Biosynthesis of 5-aminolevulic acid in trypanosoma cruzi

Abstract

Trypanosoma cruzi requires heme-compounds for growing, due to its partially or totally deficient biosynthetic pathway of heme. There are reports that support the functionality of mitochondrial enzymes involved in this pathway, such as 5-aminolevúlico synthetase (ALA-S) and Heme synthetase (Heme-S). T. cruzi genome is known and two homologous genes, Tc00.1047053511899.40 y Tc00.1047053511071.140, were identified by bioinformatic studies. Both of them are candidates to code with high score (50%) for the ALA-S enzyme, responsible for synthesizing ALA from succinyl CoA and glycine. Our hypothesis is that the parasite is able to synthesize ALA (although it cannot be metabolized to heme) and the Tc00.1047053511899.40 y Tc00.1047053511071.140 sequences encodes for a protein with ALA-S activity. Using epimastigotes, we were able to detect and quantify, by spectrophotometric studies and HPLC chromatography, the presence of ALA in the parasite both intra and extracellularly. The mesasurements were made in 30ml of parasite culture which yielded about 608,31 ± 45,20 nmol of ALA. The extracellular content represents 96% of the total synthesized.

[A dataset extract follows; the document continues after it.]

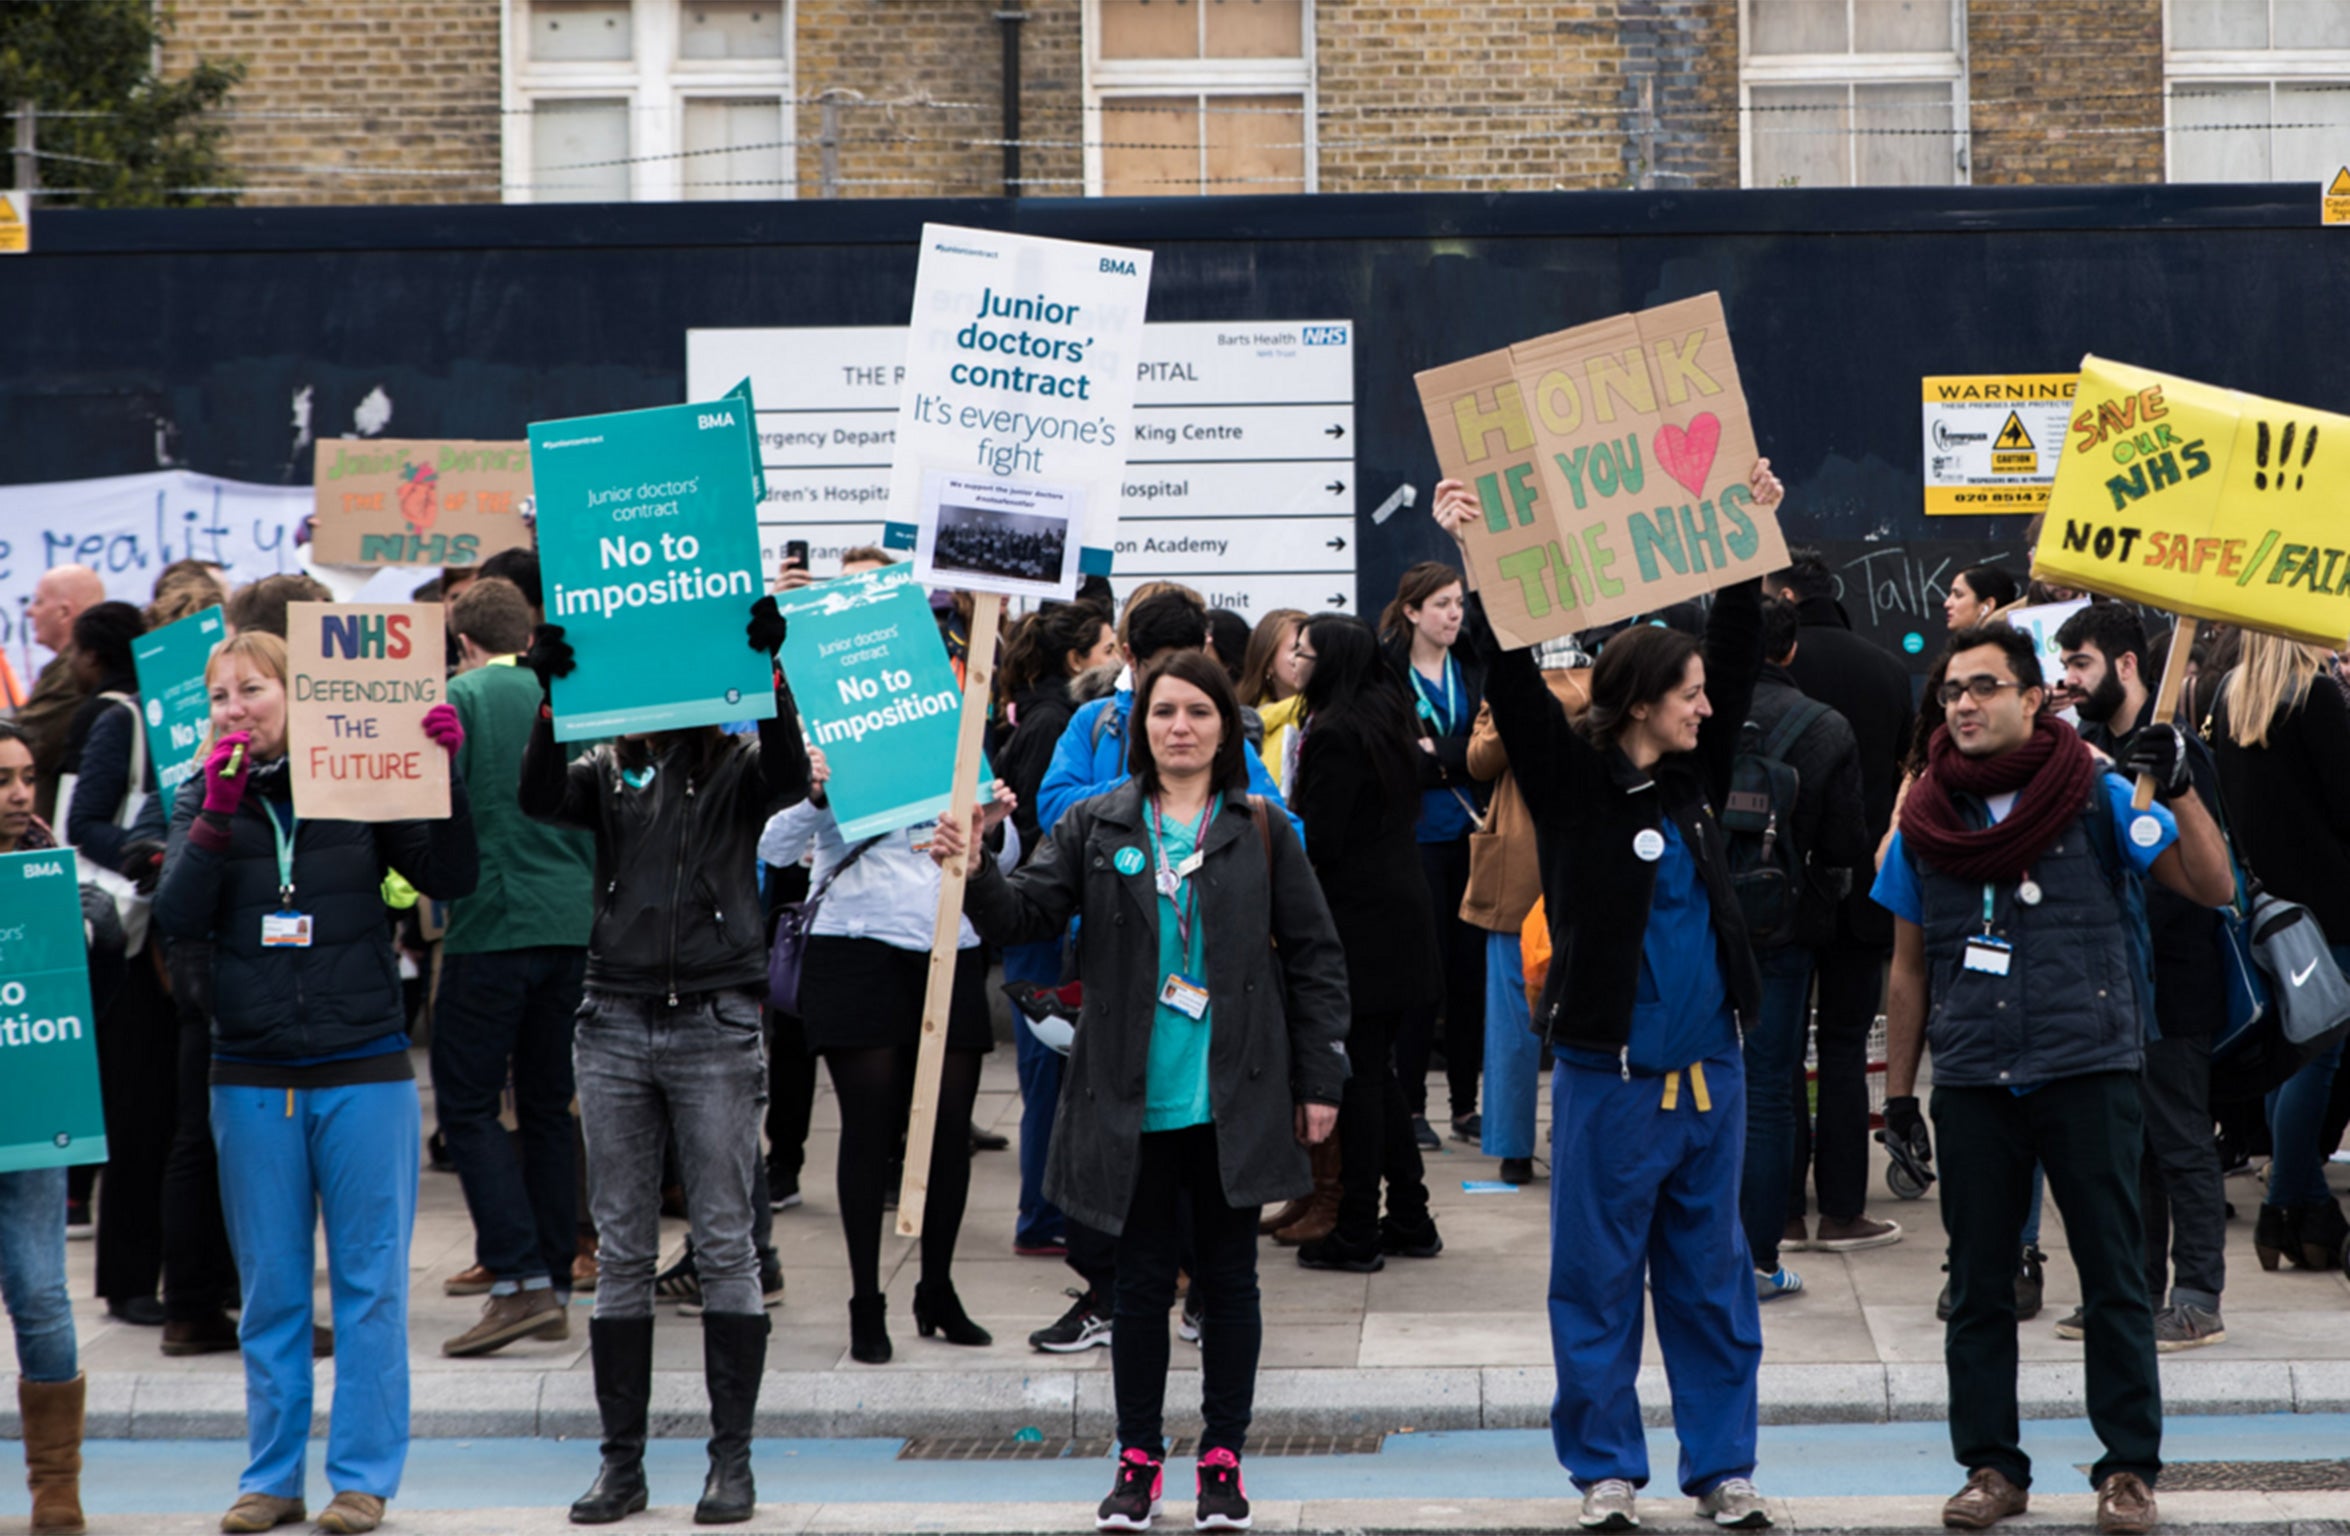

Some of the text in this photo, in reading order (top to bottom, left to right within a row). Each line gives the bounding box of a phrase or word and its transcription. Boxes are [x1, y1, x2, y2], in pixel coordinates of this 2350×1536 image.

Such excretion would be avoiding the citotoxicity of ALA since it cannot be metabolized to heme From bioinformatic studies using the Blast, ORF Finder, Mitoprop, Prosite and ClustalW platforms, it was determined that the above genes would code for a mitochondrial protein (98%) which is dependent on pyridoxal phosphate and shown a KBL domain, which is characteristic of enzymes as ALA-S. Both, ALA detection and the computer analysis would support our hypothesis and encourages us to continue trying to confirm it.